A força negreira de Portugal só
foi abalada pela Inglaterra. Apesar de terem entrado no negócio meio século
depois dos portugueses, os ingleses fizeram o maior número de viagens negreiras
do mundo, 600 a mais que Portugal. O destino era, em primeiro lugar, as
colônias inglesas no Caribe e, em seguida, os Estados Unidos.
Já a partir do século 19, a
Inglaterra mudou de lado e passou a defender (e exigir) o fim do tráfico de
escravos no mundo. Foi por pressão inglesa que o Brasil aboliu o tráfico de
escravos.
Além de Portugal e Inglaterra,
outros países também traficaram escravos da África para as Américas, como
Holanda e França. Nenhum navio negreiro tinha a bandeira de uma nação africana.
Demanda de escravos para as Américas elevou conflitos na África
Além do Brasil, outras colônias
americanas foram se tornando economias escravistas e demandando um número cada
vez maior de escravos africanos. Do ponto de vista econômico, quando a demanda
cresce, a produção também aumenta. É a lei da oferta e da procura. Foi o que
ocorreu na África.
"As elites africanas
tentaram ter sempre o maior número possível de escravizados para trocar por
mercadorias europeias. São desenvolvidas diversas formas de obtenção de
escravizados, como medidas fiscais (cobrança de impostos) e de caráter judicial
(julgamentos que condenavam o acusado à
escravidão). Mas a principal vai ser por força, pela guerra", explica
Arlindo Manuel Caldeira.
Assim, "o comércio negreiro
motivou uma série de guerras étnicas e conflitos que tinham como objetivo obter
escravos, para que pudessem ser vendidos para comerciantes europeus", diz
Christopher DeCorse.
Algumas mercadorias vendidas
pelos europeus, como cavalos e armas, aumentaram o poder de conquista de
algumas sociedades africanas - e reduziram a capacidade de resistência de
outras. As maiores vítimas foram comunidades camponesas, capturadas por
sociedades vizinhas com maior poder bélico.
"Então a culpa é dos
africanos? Não, nós devemos apontar o dedo diretamente para os europeus. Foram
os europeus que moveram o mercado de escravos. Foram os europeus que foram para
a costa africana e disseram para seus líderes: 'nos deem escravos'", diz
Christopher DeCorse.
O fim da escravidão no Brasil completa 130 anos em 13 de maio deste ano. Em 1888, a princesa Isabel, filha do imperador do Brasil Pedro 2º, assinou a Lei Áurea, decretando a abolição - sem nenhuma medida de compensação ou apoio aos ex-escravos.

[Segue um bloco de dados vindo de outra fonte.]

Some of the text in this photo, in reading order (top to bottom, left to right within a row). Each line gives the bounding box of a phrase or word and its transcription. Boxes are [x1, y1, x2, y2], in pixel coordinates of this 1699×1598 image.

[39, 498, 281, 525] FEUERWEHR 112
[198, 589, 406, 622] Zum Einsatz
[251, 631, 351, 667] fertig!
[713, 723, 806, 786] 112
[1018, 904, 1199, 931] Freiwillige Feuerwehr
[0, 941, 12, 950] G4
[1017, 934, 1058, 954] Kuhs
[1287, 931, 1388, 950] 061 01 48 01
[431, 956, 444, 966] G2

A decisão veio após mais de três séculos de escravidão, que resultaram em 4,9 milhões de africanos traficados para o Brasil, sendo que mais de 600 mil morreram no caminho.
Mas a abolição no Brasil está longe de ter sido uma benevolência da monarquia. Na verdade, foi resultado de diversos fatores, entre eles, o crescimento do movimento abolicionista na década de 1880, cuja força não podia mais ser contida.
Entre as formas de resistência, estavam grandes embates parlamentares, manifestações artísticas, até revoltas e fugas massivas de escravos, que a polícia e o Exército não conseguiam - e, a partir de certo ponto, não queriam - reprimir. Em 1884, quatro anos antes do Brasil, os Estados do Ceará e do Amazonas acabaram com a escravidão, dando ainda mais força para o movimento.
A disputa continuou no pós-libertação, para que novas políticas fossem criadas destinando terras e indenizações aos ex-escravos - o que nunca ocorreu.
Conheça abaixo as histórias de seis brasileiros protagonistas na luta pelo fim da escravidão:
Luís Gama, o ex-escravo que se tornou advogado
Luís Gonzaga Pinto da Gama nasceu em 1830, em Salvador, filho de mãe africana livre e pai branco de origem portuguesa. Quando o menino tinha quatro anos, sua mãe, Luísa, teria participado revolta dos Malês, na Bahia, pelo fim da escravidão.
Uma reviravolta ocorreu quando Gama tinha dez anos: ficou sob cuidados de um amigo do pai, que o vendeu como escravo. O menino "embarcou livre em Salvador e desembarcou escravo no Rio de Janeiro", escreve a socióloga Angela Alonso no livro Flores, Votos e Balas, sobre o movimento abolicionista. Depois, foi levado para São Paulo, onde trabalhou como escravo doméstico. "Aprendi a copeiro, sapateiro, a lavar e a engomar roupa e a costurar", escreveu o baiano.
Aos 17 anos, Gama aprendeu a ler e escrever com um estudante de direito. E reivindicou sua liberdade ao seu proprietário, afinal, nascera livre, livre era.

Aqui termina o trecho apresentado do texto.